On February 13, 2020, the California Supreme Court issued its opinion in Frlekin v. Apple, Inc., holding that the time employees spend waiting for their bags and other personal belongings to be screened at the end of a workday is compensable.

The case centers on Apple’s policy that requires workers in its California retail stores to go through mandatory exit searches of any bags or personal devices to deter theft from the store. These searches last anywhere from a few minutes to 45 minutes. The main issue in the high court’s ruling centered on whether the waiting time Apple employees spent undergoing mandatory security checks falls within Wage Order 7-2011 of the California Industrial Welfare Commission. Wage Order 7 requires a minimum wage for all “hours worked,” and defines “hours worked” as time spent under an employer’s control during which they are “suffered or permitted” to work. The Supreme Court found that Apple employees were effectively under Apple’s control when they went through mandatory exit searches.

The Apple employees initially filed suit in 2013, seeking payment for about 90 minutes of unpaid work a week spent going through the exit searches. The trial court found in favor of Apple in that the time was not compensable on a motion for summary judgment. The workers appealed to the Ninth Circuit, and the appellate court asked the California Supreme Court to find the distinction between “hours worked” as defined in Wage Order 7 and unpaid mandatory security checks like Apple’s.

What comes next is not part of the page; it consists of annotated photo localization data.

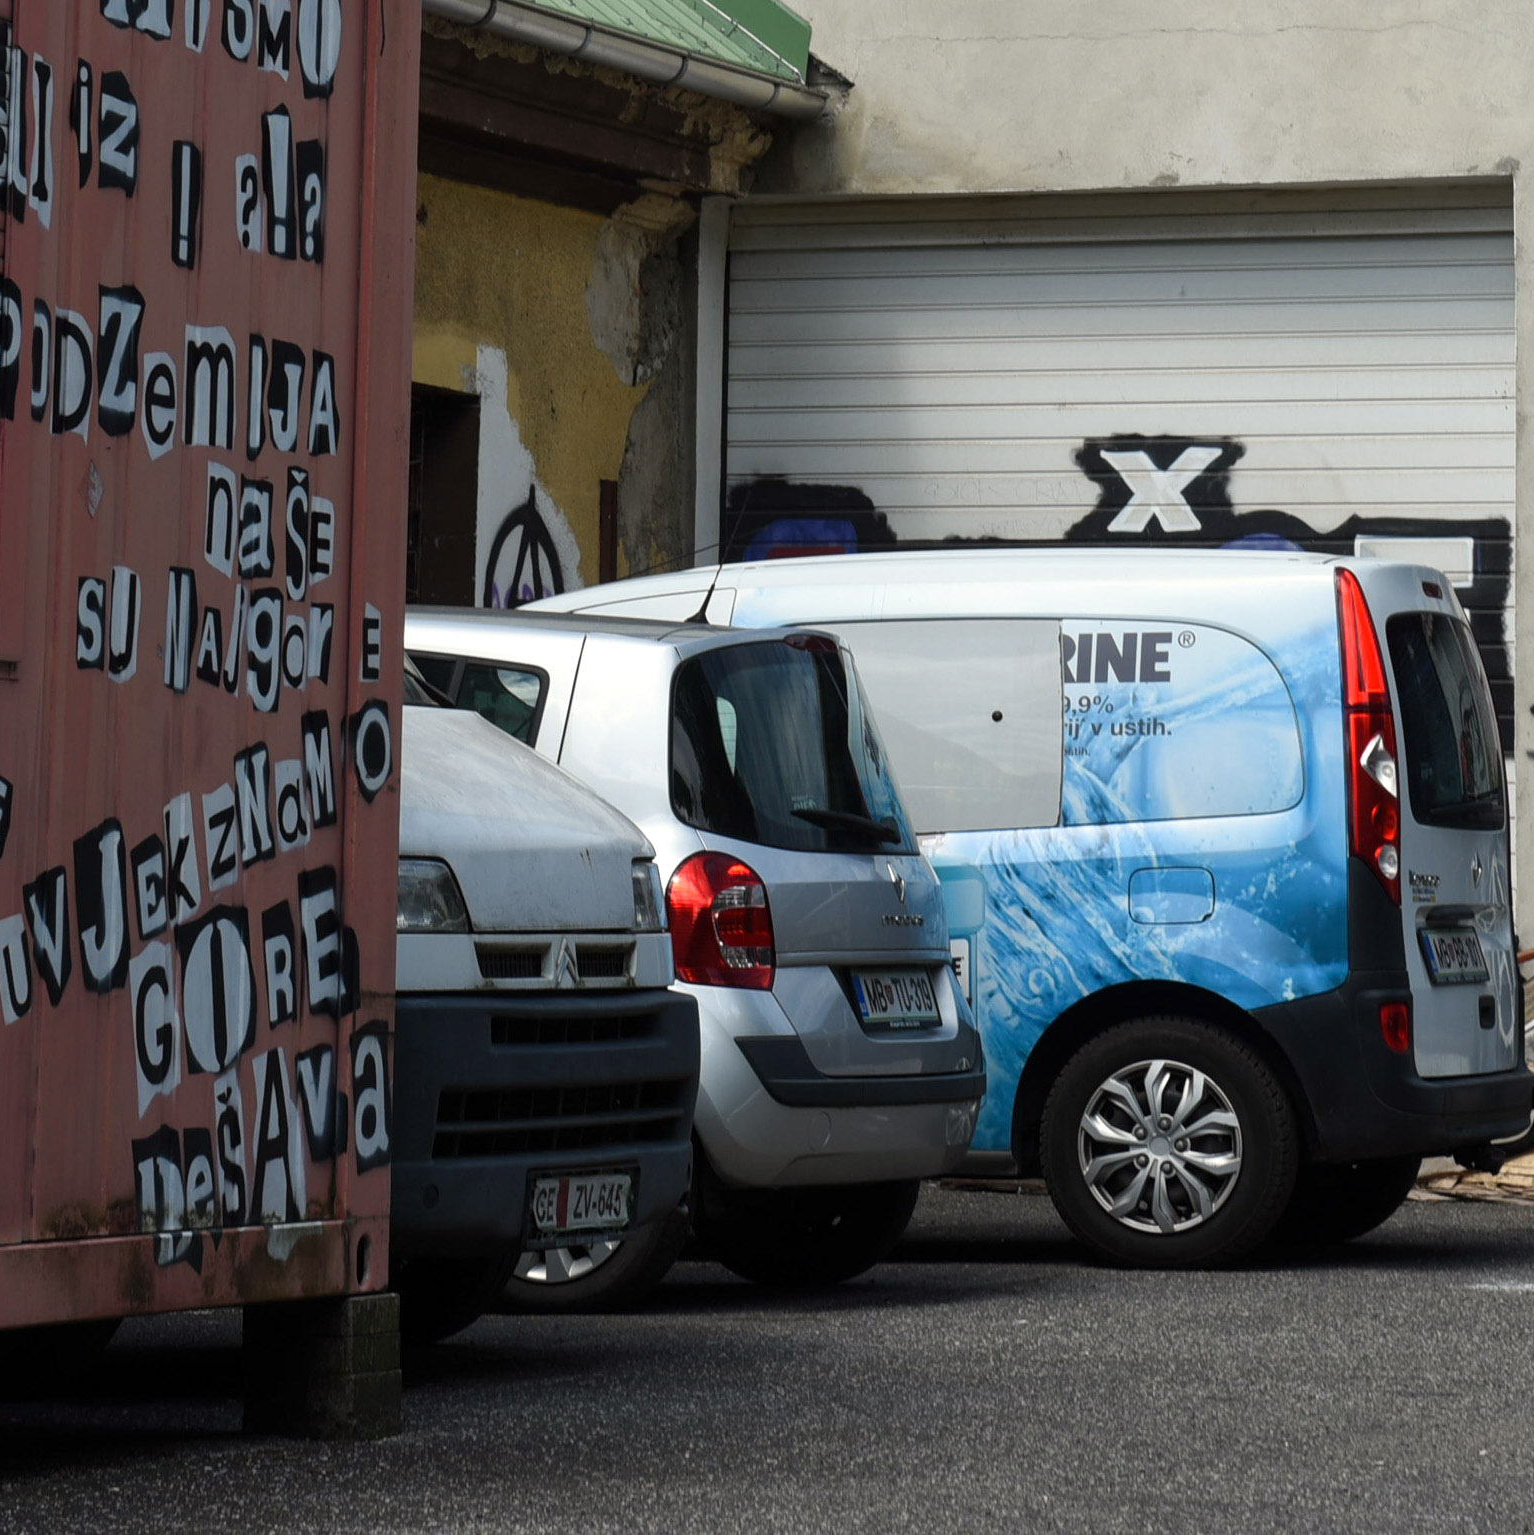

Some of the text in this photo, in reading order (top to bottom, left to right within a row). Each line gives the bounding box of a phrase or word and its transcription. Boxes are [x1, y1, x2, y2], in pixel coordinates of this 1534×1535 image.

[78, 64, 138, 180] iz
[77, 567, 137, 676] SU
[1110, 718, 1172, 736] ustih.
[2, 807, 198, 1018] UVJEK
[135, 889, 349, 1086] GORE
[572, 1183, 623, 1220] ZV-645

In its arguments, Apple relied on the Supreme Court’s 2000 ruling in Morillion v. Royal Packing Co. that found time spent traveling on buses required by the employer was compensable. The Court noted that Morillion addressed “compulsory employer-provided transportation to and from work.” Based on this, the Court rejected Apple’s argument that any employer-controlled activity must be unavoidably required to count as “hours worked.” The Court further denied Apple’s argument that workers could choose not to bring a bag to work and thereby avoid the time spent to get screened.

Lastly, the Court said its ruling could be applied retroactively and not prospectively. Therefore, employers should check their current policies and procedures to make sure they are compliant with the Court’s latest interpretation of the IWC wage orders.